Consultazioni, Salvini: "L'unico collante di questo Governo è l'odio"

L'incontro odierno al Quirinale è durato circa 30 minuti.

La delegazione della Lega guidata da Matteo Salvini ha incontrato il Presidente della Repubblica Sergio Mattarella per il secondo giro di consultazioni e, mentre il governo composto da M5S e PD è sempre più vicino alla sua formazione, il leader del partito ha ribadito la sua ben nota posizione subito dopo il faccia a faccia col Capo dello Stato.

Nessuna fuoriuscita da quello che è lo schema che Salvini ripropone ormai da giorni con dirette quotidiane su Facebook: la Lega vuole tornare al voto quanto prima perchè l'alleanza M5S-PD non sarebbe in linea col volere degli italiani. O almeno con quello che secondo i sondaggi sarebbe il volere del popolo:

Siamo stati rapidi, precisi, onesti fino in fondo e diretti. Abbiamo espresso lo sconcerto di milioni di italiani di fronte all'indecoroso spettacolo della guerra delle poltrone che si sta verificando da giorni. Il candidato presidente del Consiglio è stato scelto a Biarritz. È stato indicato da Parigi, Berlino e Bruxelles. Monti-Bis.
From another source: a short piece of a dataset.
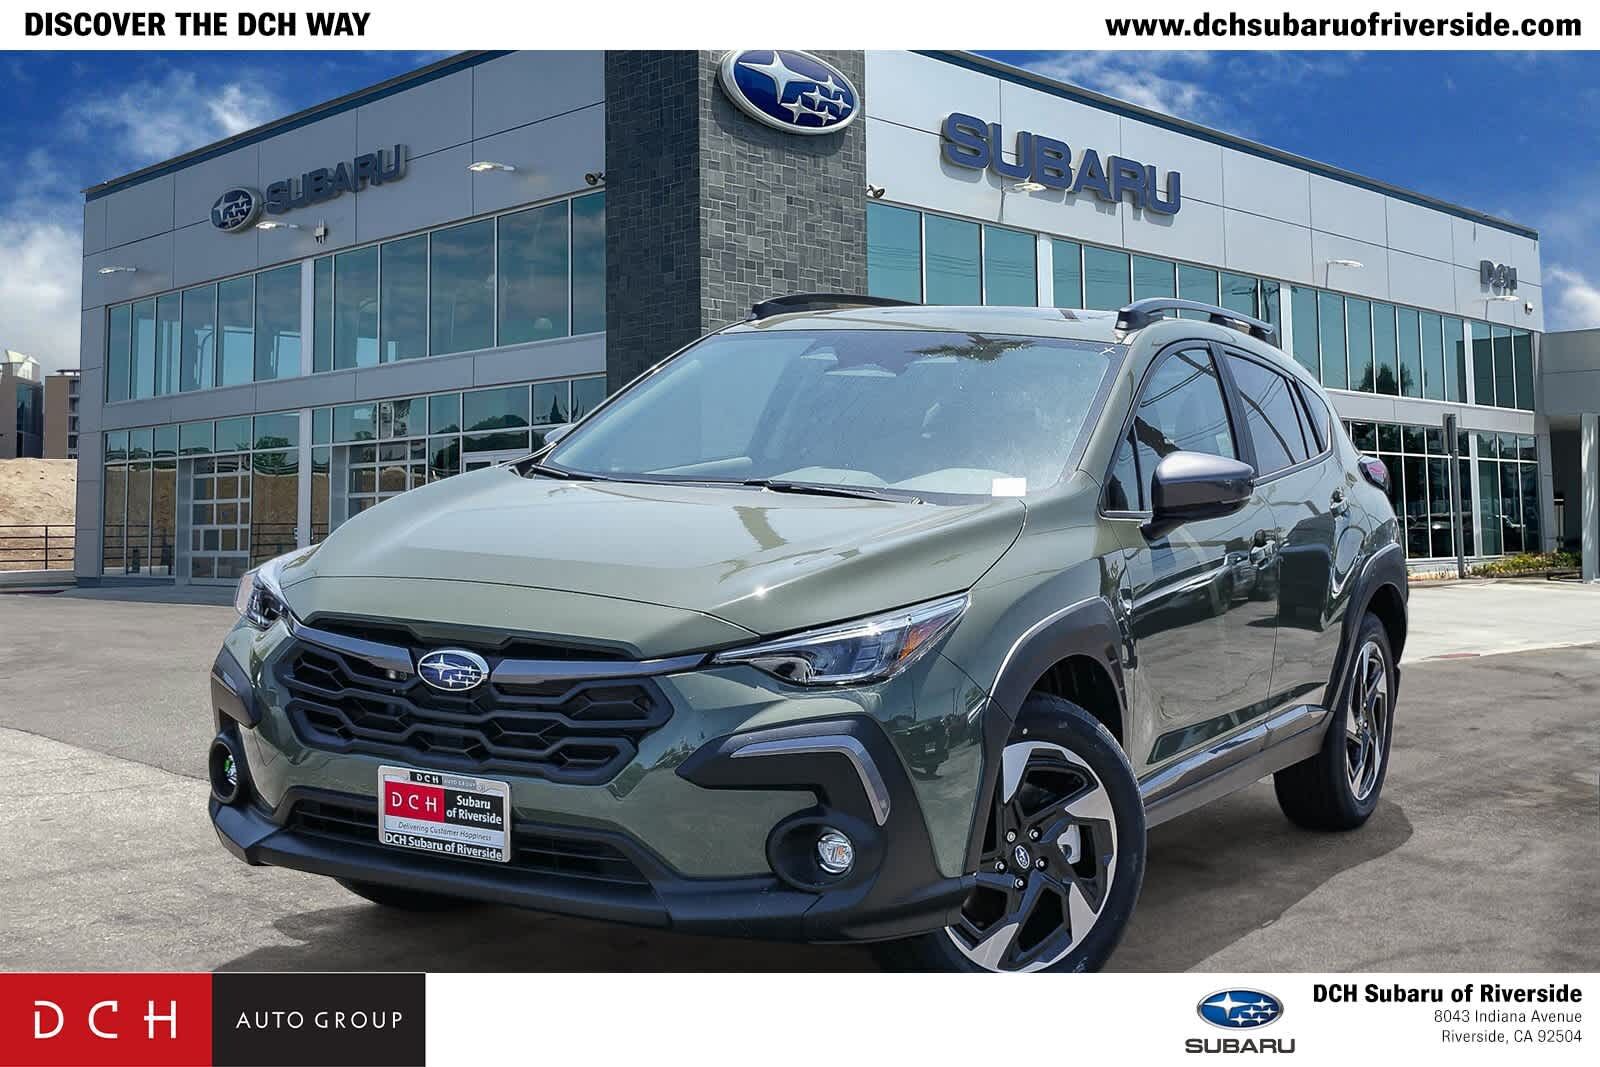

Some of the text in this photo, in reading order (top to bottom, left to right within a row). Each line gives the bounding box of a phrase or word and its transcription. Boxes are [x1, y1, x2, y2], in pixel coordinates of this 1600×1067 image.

A qualcuno dava fastidio un'Italia, un popolo e un governo che stavano restituendo orgoglio e sovranità alle famiglie e alle imprese italiane. È chiaro che non ci avrebbero mai permesso una manovra coraggiosa e questo ha portato ai no del Presidente Conte.
La minoranza è in Parlamento e soprattutto nel Paese. Tutte le elezioni hanno visto perdere sistematicamente il Partito Democratico. Dignità vorrebbe che ci fossero le elezioni, la sovranità appartiene al popolo, ma chi ha paura del voto non potrà scappare all'infinito. L'unico collante tra PD e M5S è l'odio nei confronti della Lega e di Matteo Salvini.

Anche in questa occasione Matteo Salvini ha ripetuto a pappagallo quanto già affermato ossessivamente nei giorni scorsi e ha attaccato il Partito Democratico, qui ribattezzato "il partito delle poltrone".

Sfido chiunque stia seguendo in questo momento le dirette che state dando voi da giorni a dirmi che PD e M5S sono la maggioranza in Parlamento e nel Paese, quando stanno litigando al loro interno. È il primo governo che sta litigando ancora prima di insediarsi e lo sta facendo sulle poltrone. Non sarebbe più risolutivo far votare gli italiani ed avere una maggioranza solida per i prossimi cinque anni?

Salvini si concentra sui litigi interni al Partito Democratico e al Movimento 5 Stelle e sembra già pronto a due mesi di campagna elettorale prima di tornare al voto:

Non è meglio investire in due mesi di campagna elettorale e poi tornare al voto?